§ **STUDY MATERIAL**
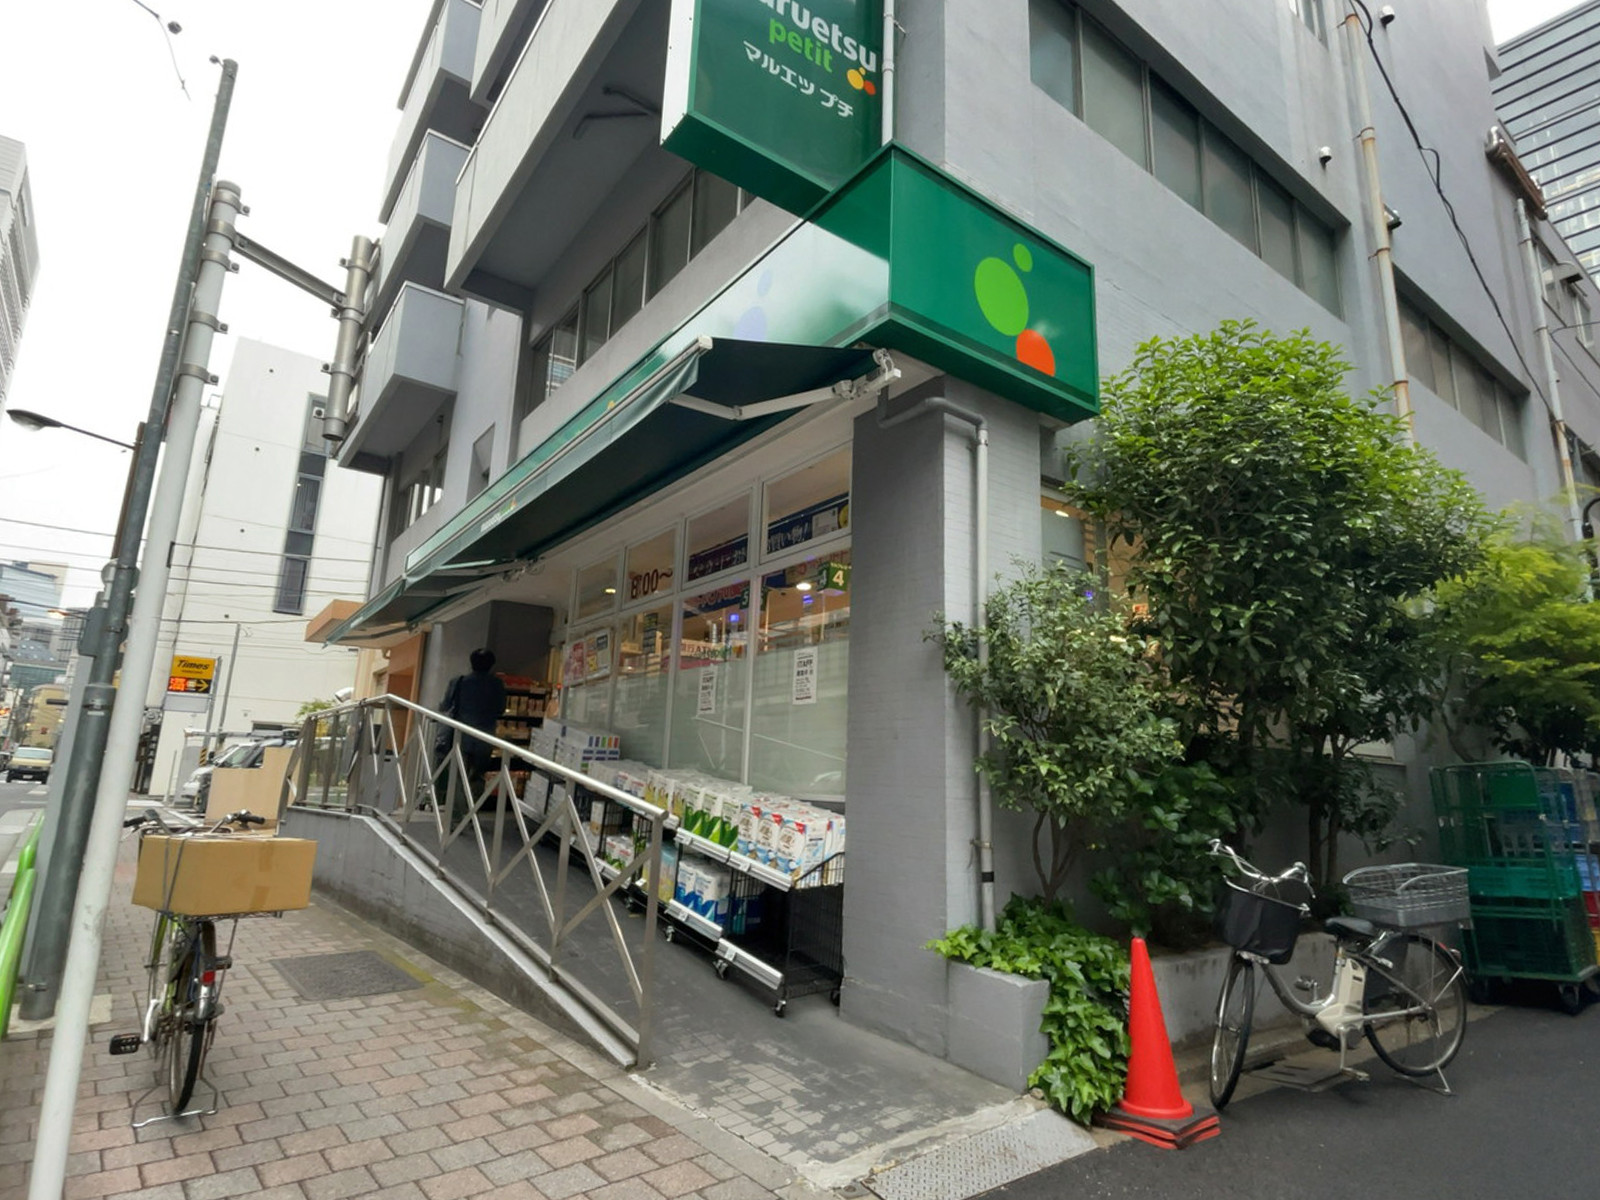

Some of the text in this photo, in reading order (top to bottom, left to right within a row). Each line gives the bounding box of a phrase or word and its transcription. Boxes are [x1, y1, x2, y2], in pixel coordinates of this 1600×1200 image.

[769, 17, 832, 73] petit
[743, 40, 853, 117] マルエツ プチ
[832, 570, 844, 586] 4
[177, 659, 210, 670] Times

§ **ABOUT THIS TASK**
Leave every image out and retype the entries above word for word.

§ **OUTPUT BELOW**
Some of the text in this photo, in reading order (top to bottom, left to right within a row). Each line gives the bounding box of a phrase or word and its transcription. Boxes are [x1, y1, x2, y2], in pixel coordinates of this 1600×1200 image.

[769, 17, 832, 73] petit
[743, 40, 853, 117] マルエツ プチ
[832, 570, 844, 586] 4
[177, 659, 210, 670] Times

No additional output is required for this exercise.